U.S. export controls are regulations that restrict the export of certain goods, software, technology, and technical data to foreign countries and entities to protect national security and foreign policy interests.[1][3] These controls keep sensitive items out of the hands of adversaries, terrorist organizations, and other parties that could pose a threat to American interests.[1]

Who Enforces Export Controls

The U.S. government enforces export controls through multiple agencies with overlapping authority.[7] The Department of Commerce’s Bureau of Industry and Security (BIS) oversees commercial and dual-use items—goods with both civilian and military applications—under the Export Administration Regulations.[3] The Treasury Department’s Office of Foreign Assets Control (OFAC) enforces economic sanctions against designated countries and entities.[1] Together, these agencies maintain screening lists of restricted parties and regulated items to ensure compliance.[3]

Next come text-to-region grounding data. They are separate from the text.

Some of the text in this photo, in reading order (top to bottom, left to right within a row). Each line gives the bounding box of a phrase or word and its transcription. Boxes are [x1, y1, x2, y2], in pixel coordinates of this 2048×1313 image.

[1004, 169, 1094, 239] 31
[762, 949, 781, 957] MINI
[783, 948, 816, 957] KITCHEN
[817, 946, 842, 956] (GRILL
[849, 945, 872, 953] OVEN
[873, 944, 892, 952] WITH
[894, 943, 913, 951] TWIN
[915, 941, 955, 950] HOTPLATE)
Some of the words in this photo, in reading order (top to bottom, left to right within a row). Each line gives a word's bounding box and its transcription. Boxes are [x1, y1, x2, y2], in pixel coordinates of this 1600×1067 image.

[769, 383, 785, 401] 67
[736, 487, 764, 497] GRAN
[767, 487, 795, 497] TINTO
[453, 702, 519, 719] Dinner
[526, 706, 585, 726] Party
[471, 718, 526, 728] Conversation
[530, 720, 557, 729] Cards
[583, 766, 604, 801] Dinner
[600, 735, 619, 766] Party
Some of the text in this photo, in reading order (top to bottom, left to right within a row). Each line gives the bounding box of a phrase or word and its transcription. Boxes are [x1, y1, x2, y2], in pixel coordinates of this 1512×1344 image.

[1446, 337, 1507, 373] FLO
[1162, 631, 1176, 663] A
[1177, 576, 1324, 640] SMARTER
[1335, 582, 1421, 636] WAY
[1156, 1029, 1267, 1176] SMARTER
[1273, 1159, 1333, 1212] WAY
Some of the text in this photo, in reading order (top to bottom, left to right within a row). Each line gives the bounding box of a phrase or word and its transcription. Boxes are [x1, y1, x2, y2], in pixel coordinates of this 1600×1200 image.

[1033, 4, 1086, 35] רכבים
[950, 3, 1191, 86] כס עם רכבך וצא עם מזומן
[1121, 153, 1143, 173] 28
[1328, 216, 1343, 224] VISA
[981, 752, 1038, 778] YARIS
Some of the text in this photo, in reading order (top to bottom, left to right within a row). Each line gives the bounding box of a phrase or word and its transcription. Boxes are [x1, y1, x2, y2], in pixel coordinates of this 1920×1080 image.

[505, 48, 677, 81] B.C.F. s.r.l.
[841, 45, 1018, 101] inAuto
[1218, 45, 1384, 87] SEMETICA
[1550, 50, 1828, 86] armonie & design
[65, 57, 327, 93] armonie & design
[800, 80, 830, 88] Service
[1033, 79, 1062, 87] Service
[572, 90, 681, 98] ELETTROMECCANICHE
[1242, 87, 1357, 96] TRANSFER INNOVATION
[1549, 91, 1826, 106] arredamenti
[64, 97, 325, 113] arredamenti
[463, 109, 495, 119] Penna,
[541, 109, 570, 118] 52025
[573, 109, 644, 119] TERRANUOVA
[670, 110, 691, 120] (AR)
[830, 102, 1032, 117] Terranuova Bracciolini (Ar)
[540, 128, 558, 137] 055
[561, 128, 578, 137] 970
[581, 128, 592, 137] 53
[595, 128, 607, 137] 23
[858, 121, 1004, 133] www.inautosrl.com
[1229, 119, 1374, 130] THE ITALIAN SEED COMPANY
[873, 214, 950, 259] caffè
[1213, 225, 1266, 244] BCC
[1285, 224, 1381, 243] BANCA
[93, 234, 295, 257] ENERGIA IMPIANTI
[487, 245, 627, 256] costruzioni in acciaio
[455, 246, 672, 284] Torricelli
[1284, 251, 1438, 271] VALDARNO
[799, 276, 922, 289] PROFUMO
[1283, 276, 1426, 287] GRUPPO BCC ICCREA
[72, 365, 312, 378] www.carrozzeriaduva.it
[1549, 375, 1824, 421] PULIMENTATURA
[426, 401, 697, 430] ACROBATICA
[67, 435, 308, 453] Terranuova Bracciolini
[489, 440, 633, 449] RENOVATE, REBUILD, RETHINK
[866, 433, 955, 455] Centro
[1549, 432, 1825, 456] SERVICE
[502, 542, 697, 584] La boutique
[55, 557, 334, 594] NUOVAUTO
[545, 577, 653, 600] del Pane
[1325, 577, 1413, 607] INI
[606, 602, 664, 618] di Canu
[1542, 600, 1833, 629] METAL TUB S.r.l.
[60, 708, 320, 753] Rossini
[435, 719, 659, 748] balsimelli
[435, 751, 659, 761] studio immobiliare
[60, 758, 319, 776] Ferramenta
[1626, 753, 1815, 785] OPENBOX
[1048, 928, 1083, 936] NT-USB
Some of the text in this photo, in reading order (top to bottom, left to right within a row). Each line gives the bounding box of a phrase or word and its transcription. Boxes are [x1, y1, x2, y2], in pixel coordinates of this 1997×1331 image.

Understanding Controlled Items

Different categories of goods face different control levels.[2] Many exports require government licenses before they can legally leave the country.[4] The BIS licensing process involves submitting applications that are reviewed on a case-by-case basis to determine whether the export poses an unacceptable risk.[4]

Compliance and Enforcement

Before completing any transaction, exporters must verify that their customers are not on restricted lists.[3] Violating export control laws carries severe consequences, including substantial civil and criminal penalties, fines, and imprisonment.[5] U.S. Customs and Border Protection, the Department of Commerce, and other agencies actively investigate violations through licensing checks, pre-shipment verifications, and post-shipment audits.[4]